Association analysis of COMT in Experiment 1

Varying alignment lengths and number of polymorphic sites were observed when four different parameter sets were applied for aligning COMT by CLUSTAL W. By GLM based on the first alignment (default settings), 16 polymorphisms were significantly associated with DNDF, whereas alignment settings 2, 3, and 4 identified 13, 14, and 14 polymorphic sites, respectively (Table 3), significantly associated with DNDF. Different gap opening and gap extension penalties lead to different Indel numbers and sizes.

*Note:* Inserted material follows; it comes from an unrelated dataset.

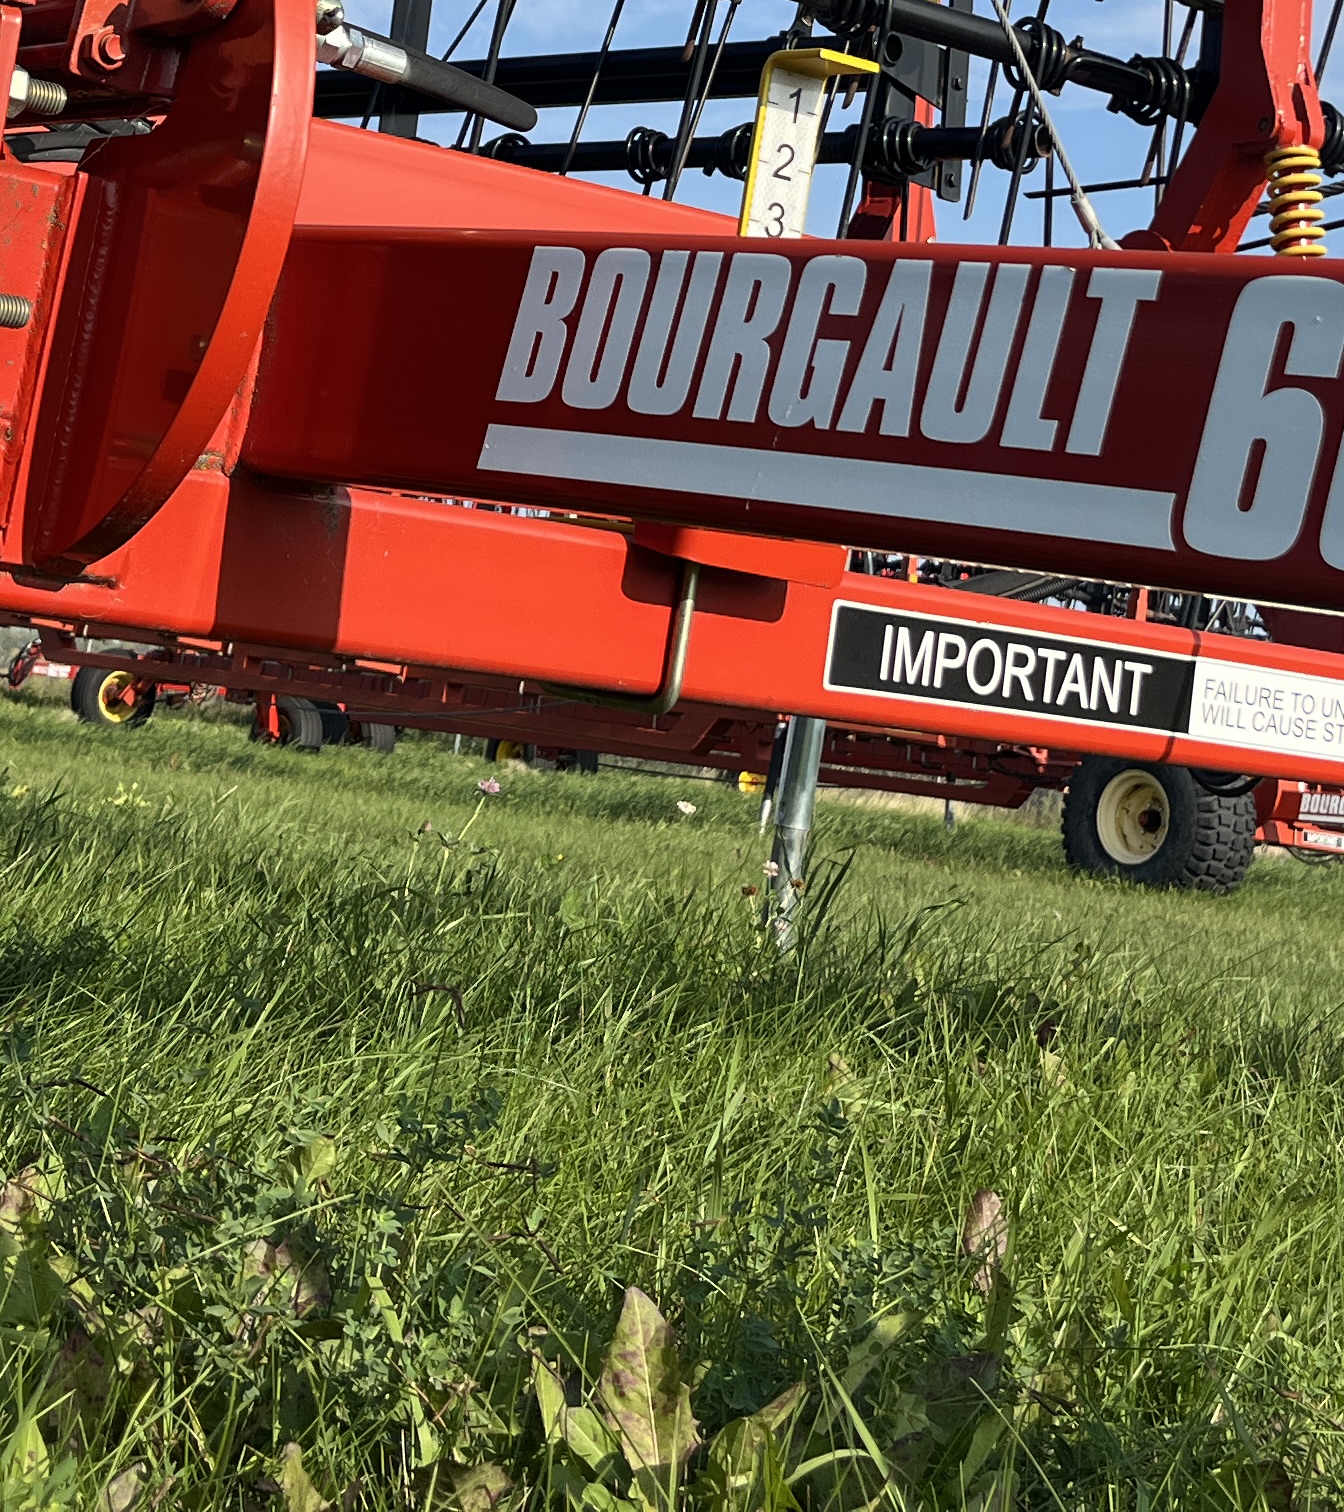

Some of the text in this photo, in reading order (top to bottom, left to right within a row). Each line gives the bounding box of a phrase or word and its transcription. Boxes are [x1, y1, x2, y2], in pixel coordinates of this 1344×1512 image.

Some polymorphisms were observed to change positions, others were created or vanished. Only eight polymorphic sites showing significant associations with DNDF were in common among all four alignments.

Table 3

Significantly associated polymorphic sites of COMT with DNDF, identified by GLM, based on alignments resulting from four different parameters settings of CLUSTAL W

Site	Alignments
	1 (2461 bp)	2 (2517 bp)	3 (2508 bp)	4 (2553 bp)
701	X	X	X	X
737	X	X	X	X
781			X
782	X	X		X
787	X		X	X
793				X
824		X	X	X
845	X			X
855	X			X
897		X
962	X	X	X	X
1010	X	X	X	X
1059	X	X	X	X
1240	X	X	X	X
1351	X
1352	X
1354	X
1356		X
1388	X
1417			X
1419			X
1432			X
1562		X
1612	X	X	X	X
1619	X	X	X	X

Site numbers denote bp alignment positions of individual SNPs and starting positions of Indels based on reference sequence AY323283 of Genbank.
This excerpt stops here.